The truth is that the peoples of Central Asia didn’t want this war. They did not want to be pawns of geopolitical Chess. Yet international sanctions against Russia – so central to the plan for peace in Ukraine – are having precisely that effect. Across the region, tens of millions of us depend on Russia’s banking infrastructure, the health of its rouble, and cross-border remittances from migrant workers. Our families, friends, work, and lives are all interconnected, which is a problem. It’s no surprise that loyalty is being tested and communities are being dissolved.

What can be done in order to stop the spread and worsening of conflict? First, the end to fighting in Ukraine is essential. International donors can increase support in a post-Soviet area that has been neglected for too long. This means more aid funding but also working through the IMF and World Bank to ensure governments have the fiscal space they need to help their economies recover.

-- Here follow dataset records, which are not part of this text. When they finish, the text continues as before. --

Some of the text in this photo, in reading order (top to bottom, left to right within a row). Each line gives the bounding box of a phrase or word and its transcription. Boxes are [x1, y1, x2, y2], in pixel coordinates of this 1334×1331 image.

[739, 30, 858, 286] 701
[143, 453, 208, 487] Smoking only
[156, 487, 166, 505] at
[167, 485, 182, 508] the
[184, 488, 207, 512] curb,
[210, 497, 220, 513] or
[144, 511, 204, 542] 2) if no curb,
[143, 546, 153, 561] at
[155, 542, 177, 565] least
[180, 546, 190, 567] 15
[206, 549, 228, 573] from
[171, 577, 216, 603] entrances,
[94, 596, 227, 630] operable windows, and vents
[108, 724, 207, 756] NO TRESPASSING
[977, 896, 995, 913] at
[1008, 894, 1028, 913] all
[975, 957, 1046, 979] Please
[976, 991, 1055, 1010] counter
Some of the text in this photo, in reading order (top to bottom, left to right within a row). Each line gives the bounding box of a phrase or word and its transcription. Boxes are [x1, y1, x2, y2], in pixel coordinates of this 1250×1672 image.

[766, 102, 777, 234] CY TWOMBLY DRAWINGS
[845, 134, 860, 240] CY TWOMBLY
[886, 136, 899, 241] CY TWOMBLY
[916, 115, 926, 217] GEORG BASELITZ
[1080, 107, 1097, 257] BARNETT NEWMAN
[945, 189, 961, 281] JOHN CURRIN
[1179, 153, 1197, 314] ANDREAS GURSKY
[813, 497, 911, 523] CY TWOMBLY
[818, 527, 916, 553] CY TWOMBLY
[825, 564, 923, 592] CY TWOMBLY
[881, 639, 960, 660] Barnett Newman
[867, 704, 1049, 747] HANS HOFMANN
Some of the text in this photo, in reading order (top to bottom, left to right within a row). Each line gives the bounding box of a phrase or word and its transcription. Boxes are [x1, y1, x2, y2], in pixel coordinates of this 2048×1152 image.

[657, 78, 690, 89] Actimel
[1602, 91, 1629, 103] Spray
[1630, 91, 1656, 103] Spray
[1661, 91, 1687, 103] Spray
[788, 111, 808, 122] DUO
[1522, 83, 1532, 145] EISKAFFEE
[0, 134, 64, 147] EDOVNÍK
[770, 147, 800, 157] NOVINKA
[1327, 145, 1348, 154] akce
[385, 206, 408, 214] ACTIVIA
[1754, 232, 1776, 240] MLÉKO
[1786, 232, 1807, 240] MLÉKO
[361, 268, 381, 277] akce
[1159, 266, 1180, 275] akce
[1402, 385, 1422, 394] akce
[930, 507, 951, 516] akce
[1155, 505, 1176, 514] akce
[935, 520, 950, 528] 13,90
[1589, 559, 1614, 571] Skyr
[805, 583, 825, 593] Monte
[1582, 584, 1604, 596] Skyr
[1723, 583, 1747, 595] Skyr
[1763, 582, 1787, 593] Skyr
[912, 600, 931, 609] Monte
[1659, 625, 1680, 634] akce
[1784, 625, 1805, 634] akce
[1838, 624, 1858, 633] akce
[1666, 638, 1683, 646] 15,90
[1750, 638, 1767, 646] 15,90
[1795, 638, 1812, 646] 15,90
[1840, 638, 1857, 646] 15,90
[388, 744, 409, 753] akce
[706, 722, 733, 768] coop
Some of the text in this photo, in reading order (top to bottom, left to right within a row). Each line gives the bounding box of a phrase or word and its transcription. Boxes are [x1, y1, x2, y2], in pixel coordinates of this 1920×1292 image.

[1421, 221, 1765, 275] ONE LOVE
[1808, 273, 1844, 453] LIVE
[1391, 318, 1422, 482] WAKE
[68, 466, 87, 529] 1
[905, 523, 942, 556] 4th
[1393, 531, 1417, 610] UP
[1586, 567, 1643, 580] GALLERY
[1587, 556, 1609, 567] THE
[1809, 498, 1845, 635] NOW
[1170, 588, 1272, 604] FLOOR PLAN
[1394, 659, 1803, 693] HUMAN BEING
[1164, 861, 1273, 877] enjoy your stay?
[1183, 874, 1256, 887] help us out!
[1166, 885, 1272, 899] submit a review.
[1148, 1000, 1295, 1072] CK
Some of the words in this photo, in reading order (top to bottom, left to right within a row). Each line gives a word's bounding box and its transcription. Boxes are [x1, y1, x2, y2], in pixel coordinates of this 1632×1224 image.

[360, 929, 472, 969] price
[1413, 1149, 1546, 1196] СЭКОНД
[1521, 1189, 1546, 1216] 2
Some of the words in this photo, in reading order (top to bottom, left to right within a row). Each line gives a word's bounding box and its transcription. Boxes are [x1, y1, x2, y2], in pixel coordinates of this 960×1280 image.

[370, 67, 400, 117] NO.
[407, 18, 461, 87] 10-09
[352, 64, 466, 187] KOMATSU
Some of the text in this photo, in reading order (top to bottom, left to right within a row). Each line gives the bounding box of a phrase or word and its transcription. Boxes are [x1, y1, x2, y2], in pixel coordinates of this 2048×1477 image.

We must increase our support for countries still recovering from wars.

Third – and just as important – is to channel support to the brave people and peacebuilders working to build bridges, combat disinformation and speak truth to power. They are not afraid to be attacked, but they also keep the door open for a politics that reduces violence and divisions rather than increases them.

Despite how it may sound, there are still reasons for optimism. The conflict in Ukraine has brought together countries from all over the world with a unity that is unprecedented in recent years. That solidarity could be a powerful force for good in the years ahead – but only if nations avoid retreating into parochial concerns or shifting attention and resources between crises.

The United Nations and Ukraine have said some 14,000 people died in conflict in Ukraine from 2014 to the start of this year.  Many more are being killed in this new and horrific war. Their suffering and sacrifices must not go unnoticed. We need a new international effort in order to combat conflict and its causes. It is important to stop the spread and spread of conflict throughout the region.